Urbanistik-Experte: „Innenstädte werden sich grundlegend verändern“
Der Wissenschaftliche Direktor und Geschäftsführer des Deutschen Instituts für Urbanistik, Carsten Kuehl, der jüngst auf Einladung der SPD-Bundestagsabgeordneten Rita Schwarzelühr-Sutter im Rahmen einer Online-Veranstaltung Akteuren und Bürgern vom Hochrhein Rede und Antwort stand, zeichnet ganz eindeutig das Bild von grundlegenden Veränderungen, die „nicht mehr verhandelbar“ geschweige denn umkehrbar seien. Innenstädte müssten in Zukunft schon mehr bieten als eine Fußgängerzone und Einzelhandel. Denn es zeige sich vielerorts, dass dieses Modell nicht länger trage, denn es treffe nicht mehr das heutige Lebensgefühl, so Kuehls Beobachtung. „Kaufkraft wird auf andere Kanäle abgezogen, es werden nicht alle Geschäfte überleben können, Gebäude werden leerstehen“, prognostiziert der Wissenschaftler.

Gerade auch wegen der Schweizer Kundschaft sei die Lage am Hochrhein noch keineswegs prekär.
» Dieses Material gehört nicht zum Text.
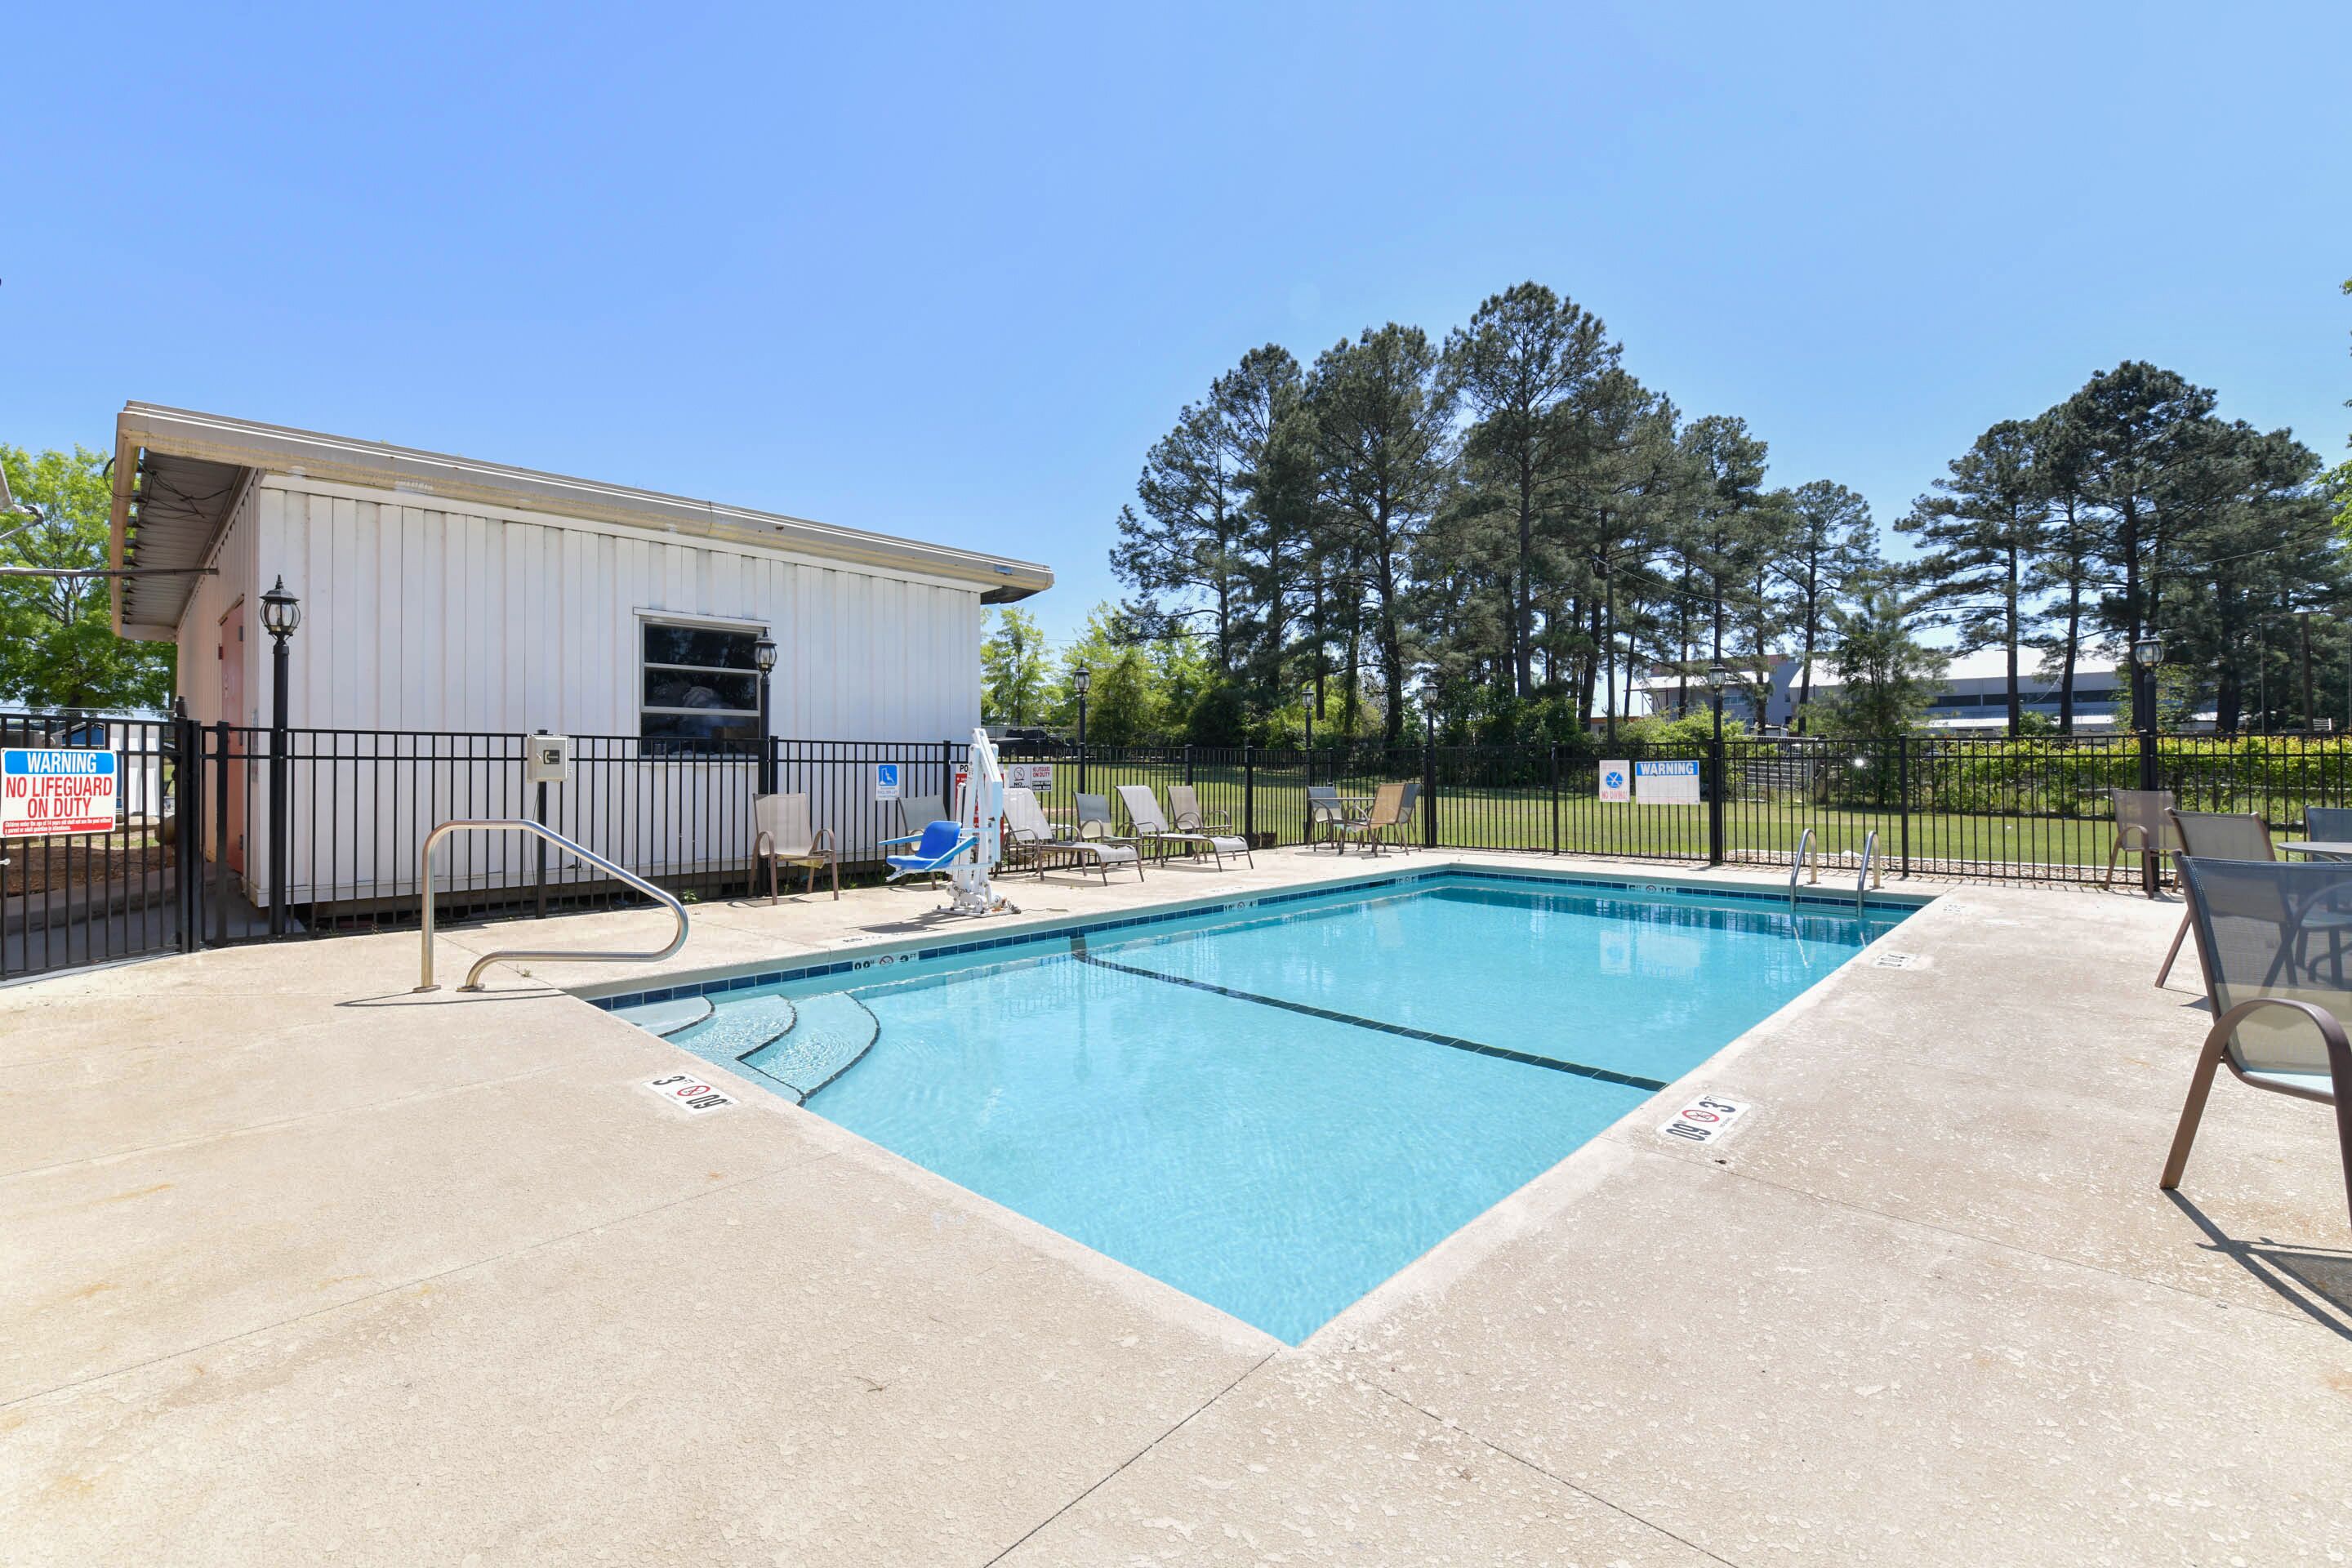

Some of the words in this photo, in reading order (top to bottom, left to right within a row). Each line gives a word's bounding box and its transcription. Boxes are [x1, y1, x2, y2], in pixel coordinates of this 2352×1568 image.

[27, 752, 96, 773] WARNING
[1640, 763, 1694, 775] WARNING
[6, 777, 27, 798] NO
[32, 777, 113, 797] LIFEGUARD
[1601, 791, 1608, 800] NO
[28, 798, 48, 818] ON
[53, 797, 91, 817] DUTY
[653, 1076, 686, 1085] 3
[1699, 1101, 1736, 1113] 3
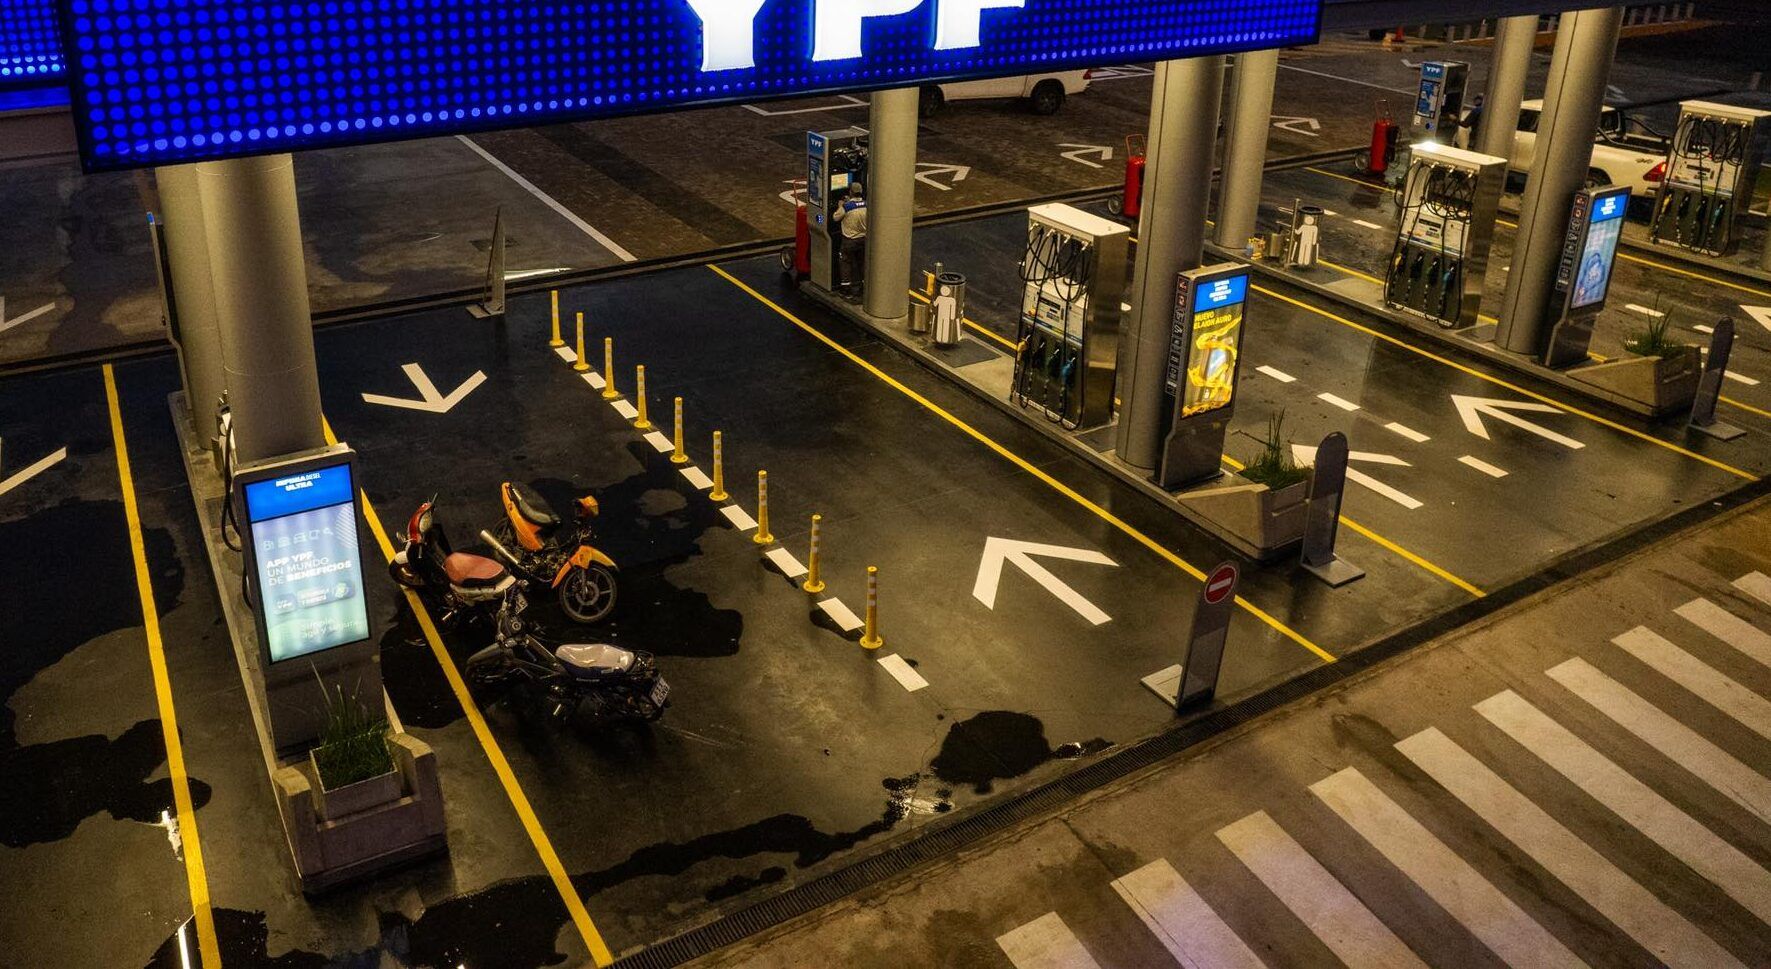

Dennoch bestehe auch hier Handlungsbedarf – und viele Chancen, so Kuehl: „Die Gestaltung der Transformation ist die große Aufgabe der Kommunen, und man muss sich bewusst sein, dass es in vielen Fällen nicht schnell geht, und auch eine finanzielle Herausforderung wird.“ Es gelte neue Nutzungskonzepte für Gebäude zu entwickeln und dabei auch neue, möglicherweise gewagte Ideen zuzulassen, gerade wenn es etwa um Wohnen in Innenstädten oder gar die Etablierung neuer Wohnformen gehe.
Gewerbeverbände: „Innenstadt neu denken“
Die Gewerbeverbände in der Region sind sich der Entwicklungen und der daraus resultierenden Herausforderungen bewusst, denn: „Der Transformationsprozess ist seit längerem im Gange. Corona hat aber auf jeden Fall einiges beschleunigt“, schildert Niels Bosley, stellvertretender Vorsitzender von Pro Bad Säckingen. Die Probleme, die durch den Internethandel und der damit verbundenen Abwanderung von Kunden entstanden sind, seien dabei wahrscheinlich die augenfälligsten und schwerwiegendsten, sagt Bosley.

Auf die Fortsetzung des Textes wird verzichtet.